# PROBLEM TO WORK ON
Exact reproductions of all the entries, please, and no pictures.

Dataset items:
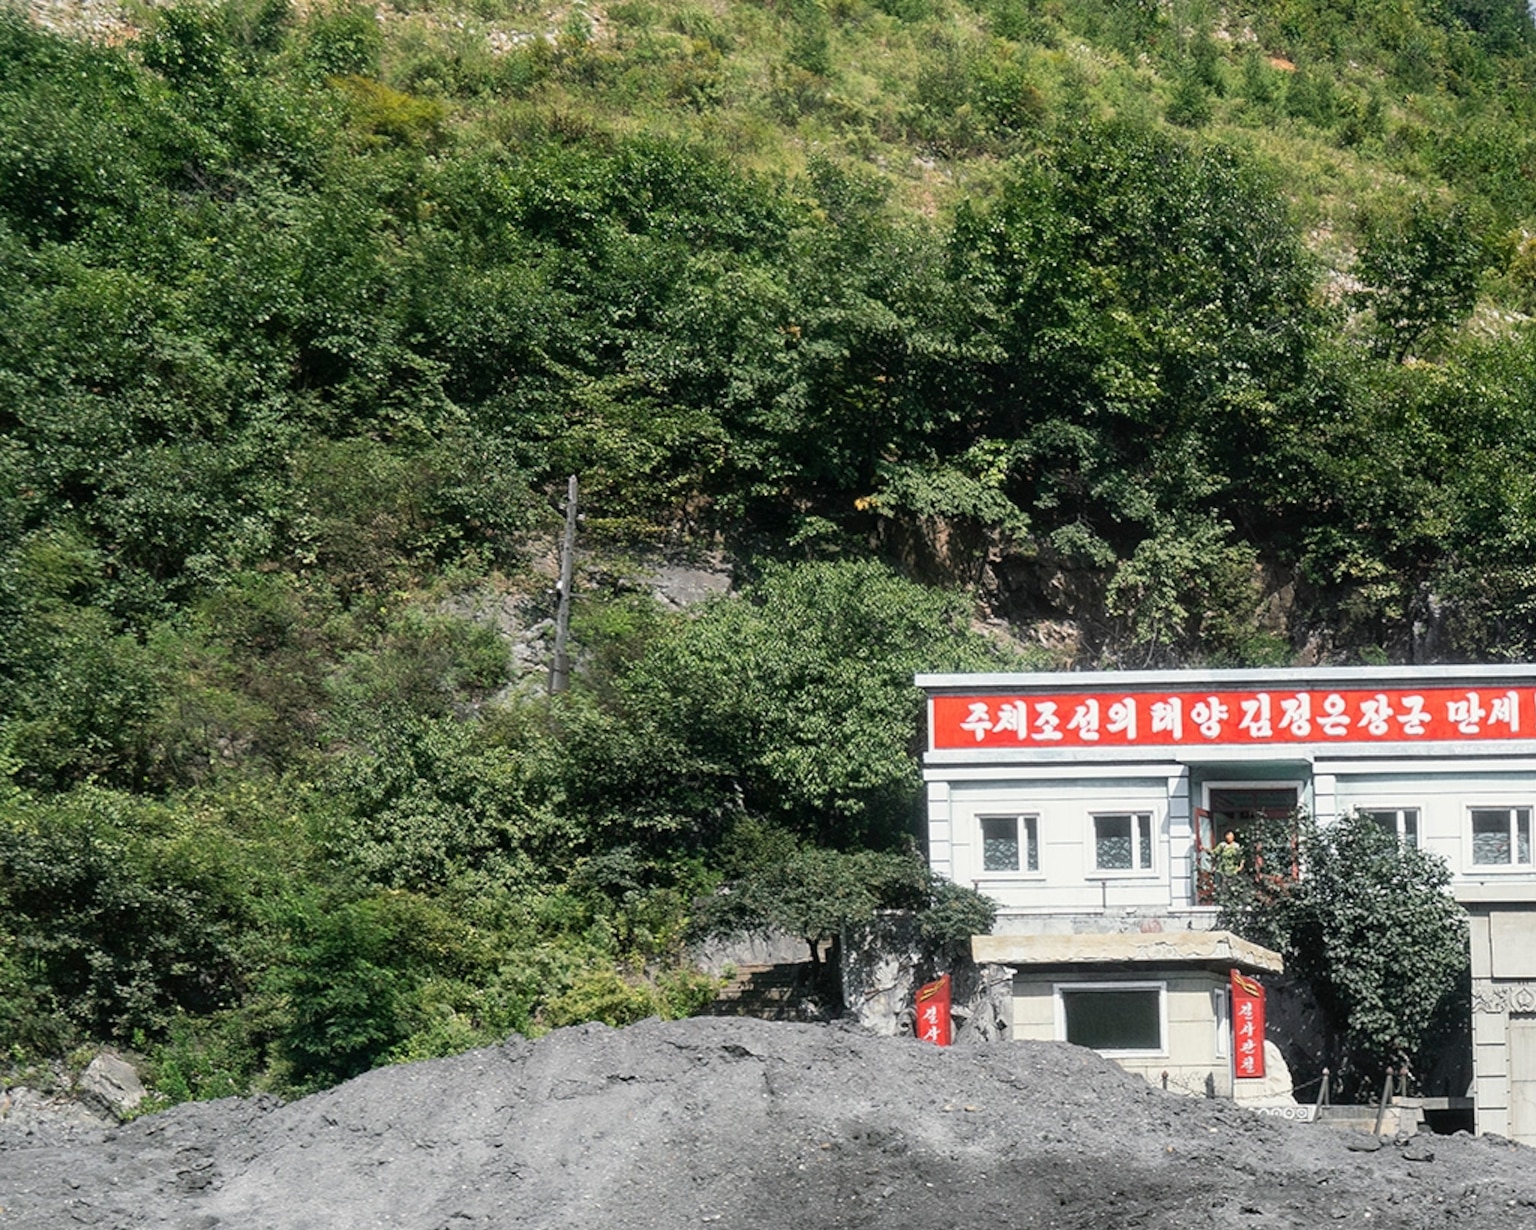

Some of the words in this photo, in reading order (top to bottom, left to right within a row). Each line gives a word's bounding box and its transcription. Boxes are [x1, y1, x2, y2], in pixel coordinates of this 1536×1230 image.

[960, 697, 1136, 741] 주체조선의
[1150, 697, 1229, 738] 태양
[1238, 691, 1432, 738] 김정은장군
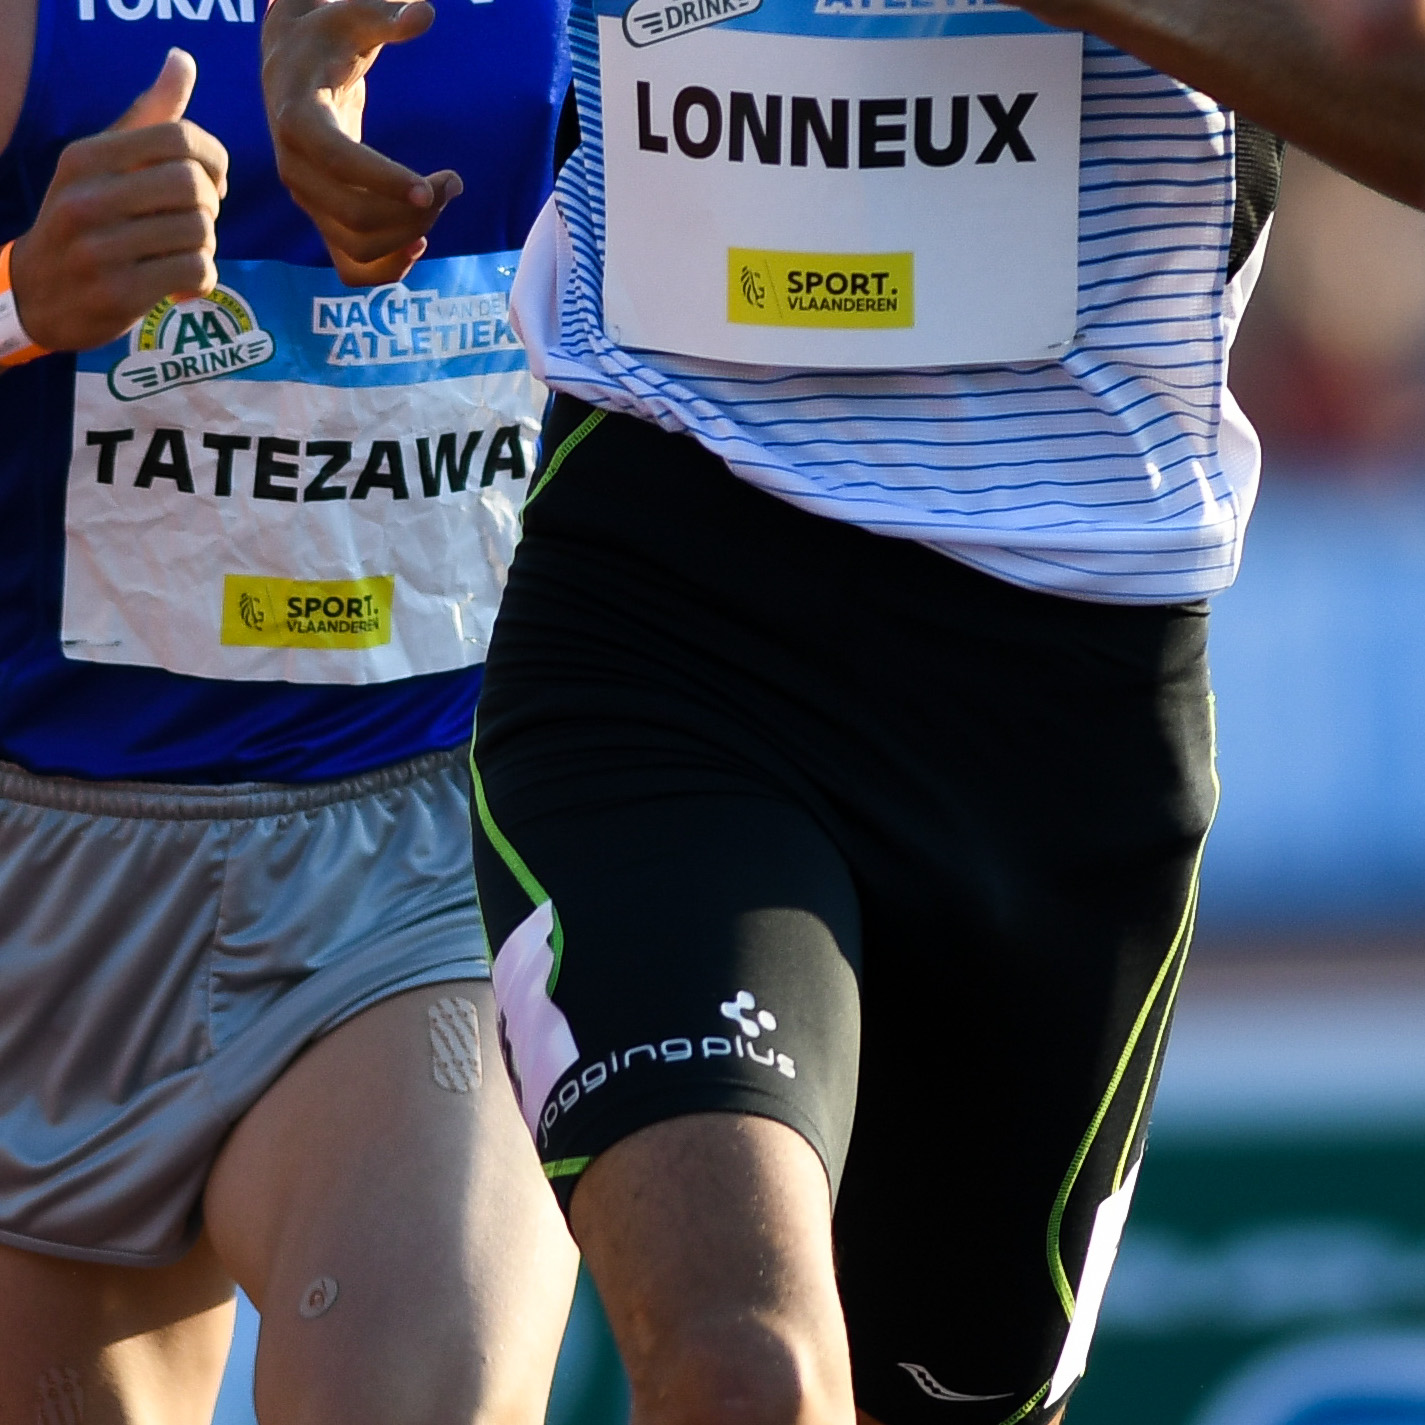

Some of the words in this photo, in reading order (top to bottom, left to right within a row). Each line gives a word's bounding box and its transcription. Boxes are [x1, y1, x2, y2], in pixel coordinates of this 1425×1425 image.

# ANSWER FOR THIS EXERCISE
Some of the words in this photo, in reading order (top to bottom, left to right within a row). Each line gives a word's bounding box and its transcription. Boxes are [x1, y1, x2, y2], in pixel coordinates of this 1536×1230 image.

[960, 697, 1136, 741] 주체조선의
[1150, 697, 1229, 738] 태양
[1238, 691, 1432, 738] 김정은장군

Some of the words in this photo, in reading order (top to bottom, left to right within a row). Each line gives a word's bounding box and its transcription. Boxes are [x1, y1, x2, y2], in pixel coordinates of this 1425×1425 image.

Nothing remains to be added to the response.